◆ **Problem statement**
The records below are to be copied exactly, with every picture left out.

◆ **Entries shown**
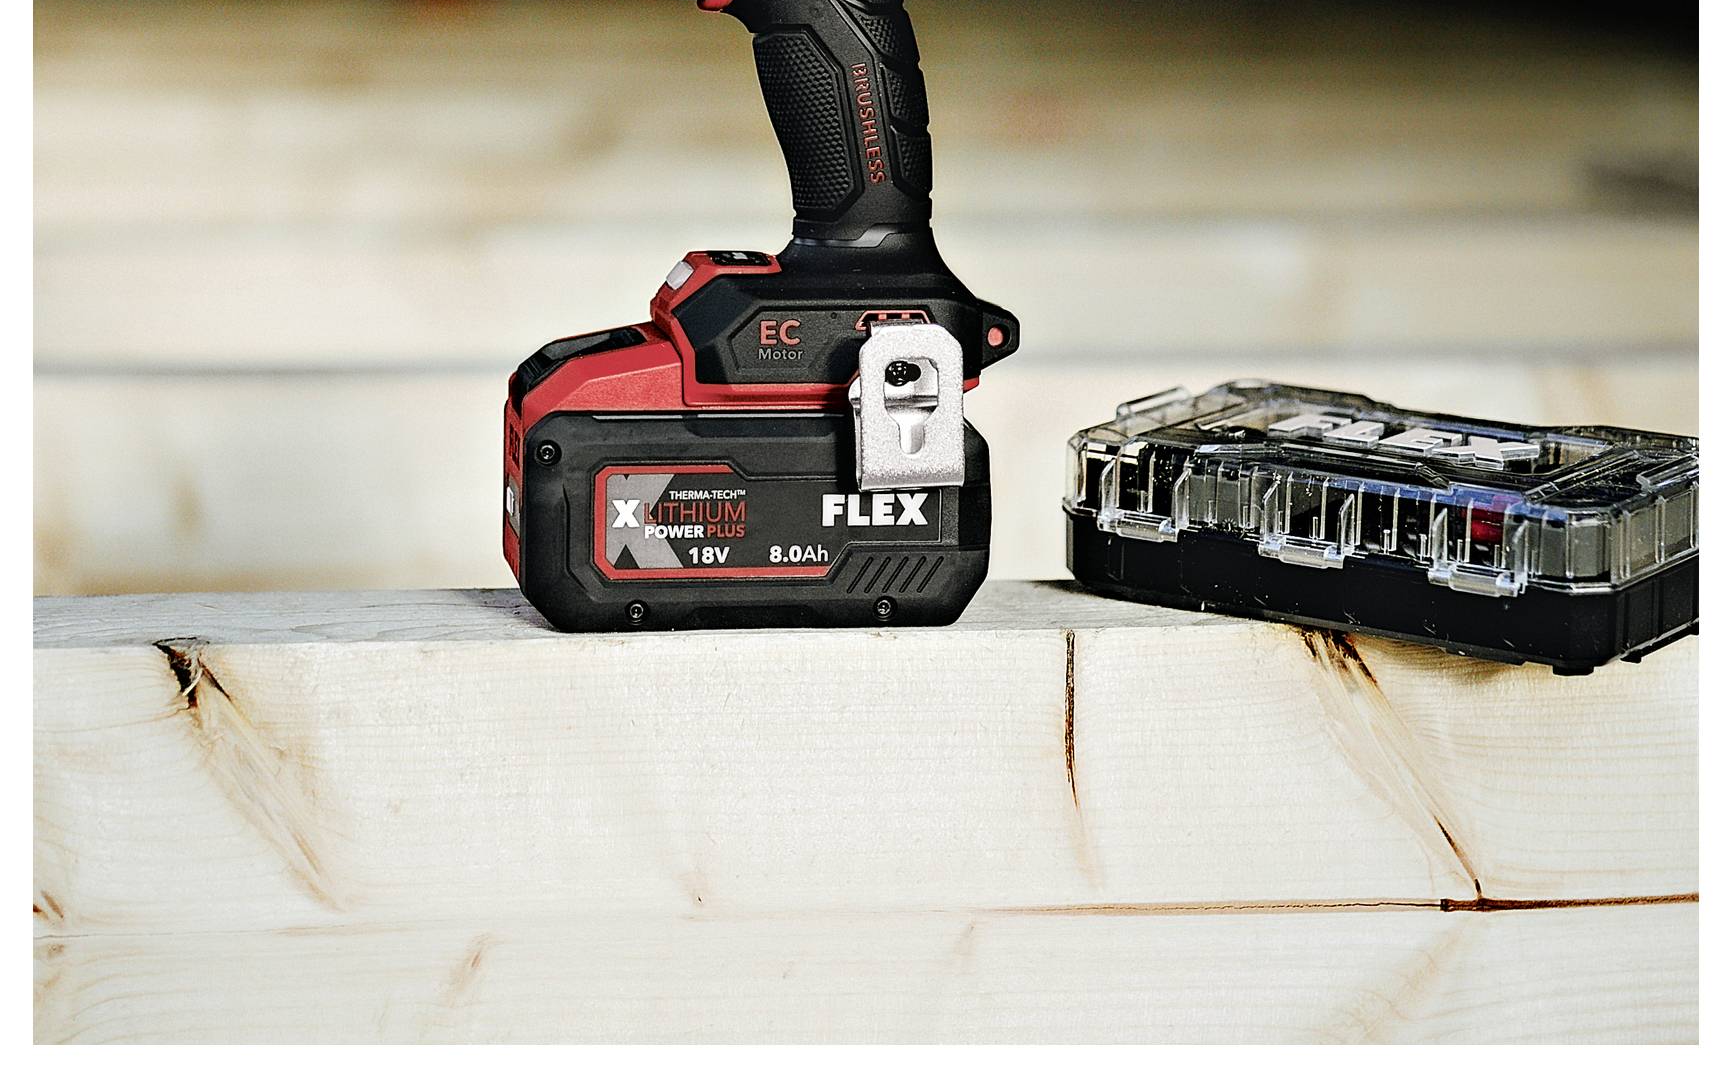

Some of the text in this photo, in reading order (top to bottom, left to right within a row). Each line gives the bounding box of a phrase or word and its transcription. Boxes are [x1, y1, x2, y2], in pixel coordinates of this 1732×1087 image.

[851, 63, 886, 186] BRUSHLESS
[760, 320, 801, 345] EC
[758, 348, 804, 360] Motor
[1267, 413, 1540, 470] FLEX
[822, 493, 928, 527] FLEX
[644, 524, 746, 539] POWER PLUS
[688, 544, 829, 564] 18V 8.0Ah

◆ **Solved problem**
Some of the text in this photo, in reading order (top to bottom, left to right within a row). Each line gives the bounding box of a phrase or word and its transcription. Boxes are [x1, y1, x2, y2], in pixel coordinates of this 1732×1087 image.

[851, 63, 886, 186] BRUSHLESS
[760, 320, 801, 345] EC
[758, 348, 804, 360] Motor
[1267, 413, 1540, 470] FLEX
[822, 493, 928, 527] FLEX
[644, 524, 746, 539] POWER PLUS
[688, 544, 829, 564] 18V 8.0Ah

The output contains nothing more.